The house was built by lumber baron Arthur Fleming, an early benefactor of the nearby California Institute of Technology, using lumber sourced from the region around Twin Peaks, Washington.[1]

Parsons purchased the mansion in 1943 with the windfall from the success of the Jet Propulsion Laboratory, and hosted several gatherings attended by Thelema adherents and other laboratory employees. At Parsons' invitation, writer L. Ron Hubbard took up residence in the Parsonage in August 1945 and soon thereafter attended one of these gatherings, later recalling:

"A strange, incense-laden air of debauchery, populated by a motley assemblage of leftists, bohemians and hangers-on, attended by a cadre of attractive young JPL secretaries, all of them swept up into a kind of fever cult. Many of the guests wore colorful, erotic masks, and a few were in elaborate Egyptian costumes or masks with distorted animal faces. Disturbing atonal music played from somewhere and prompted much uninhibited dancing, and by that I don't mean the jitterbug. In some back rooms, I have no doubt, there was rampant drug use. I caught the unmistakeable tang of reefer wafting throughout the upper floor and I believe the punch they were serving may have been laced with a home-brewed mind-altering substance, perhaps absinthe. In many of these rooms, not even behind closed doors, sexual hijinks abounded. I'm no prude, but I've never felt more Episcopalian in my life."[1]
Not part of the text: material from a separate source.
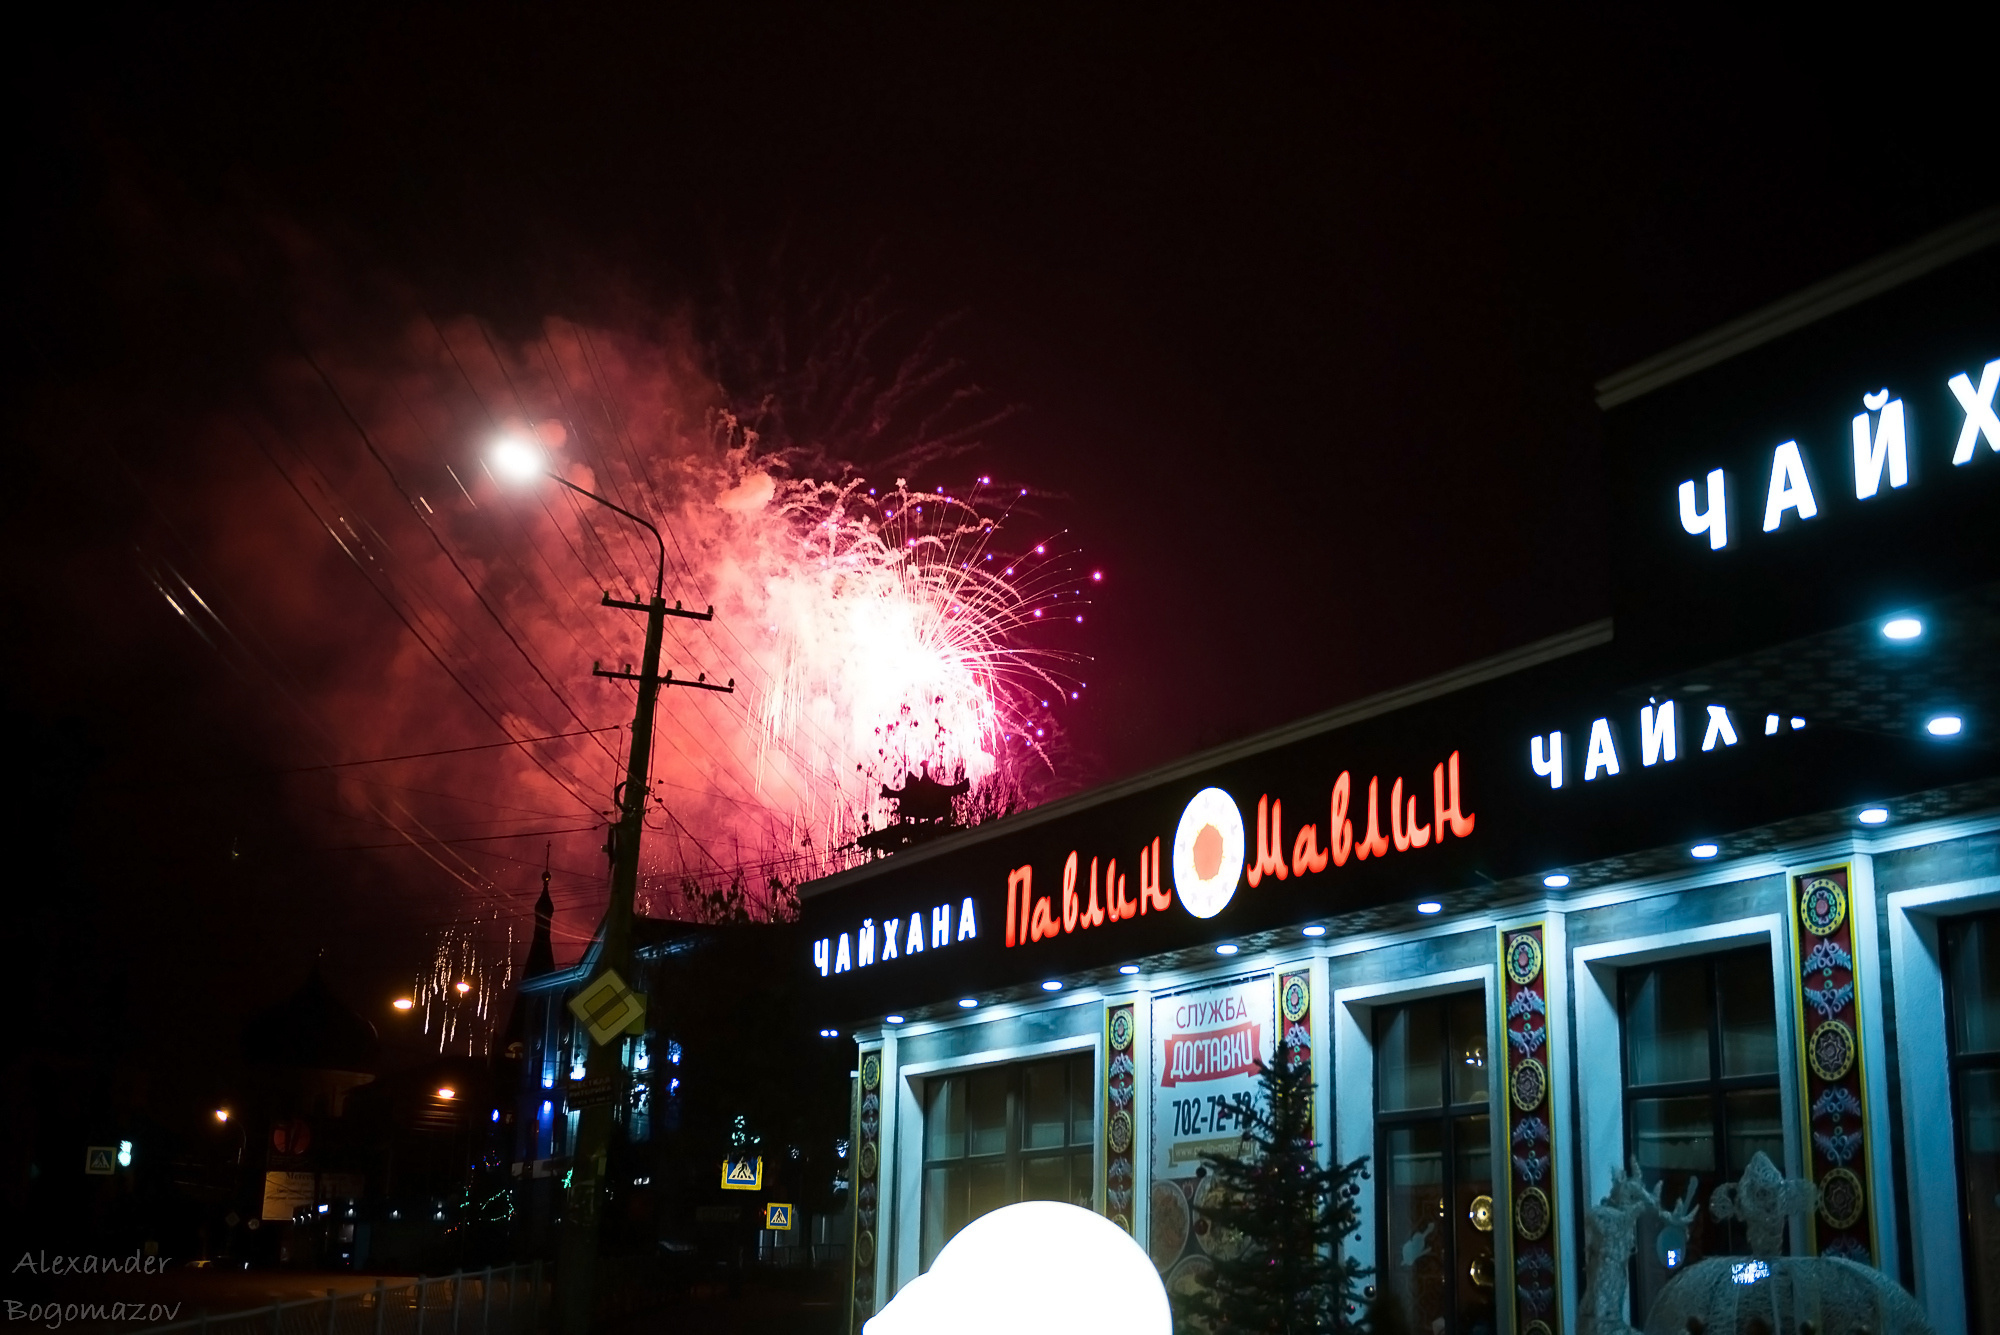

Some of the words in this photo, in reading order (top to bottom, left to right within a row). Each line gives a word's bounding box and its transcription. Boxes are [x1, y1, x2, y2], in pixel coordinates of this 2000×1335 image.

Late at night, Parsons and Hubbard spoke at length in a room decorated with pagan artwork and a life-sized statue of Pan, discussing Parsons' late mentor Aleister Crowley, alchemy, and the similarities between Parsons' chosen field and the practice of magic. Hubbard noted that Parsons was worrying an inscribed ring of some sort, and at one point intoned "the magician longs to see" and remarked that he had always sensed spirits in the walls of the house. Finally, he abruptly said that he needed to attend to the other guests and excused himself.[1]

After Parsons was accused of selling state secrets to a foreign government, he was terminated by JPL and forced to sell the Parsonage. By 1952, the mansion had been demolished to make way for an apartment complex.[1]

Behind the scenes[]

The real Parsonage was located at 1003 South Orange Grove Avenue, Pasadena, California.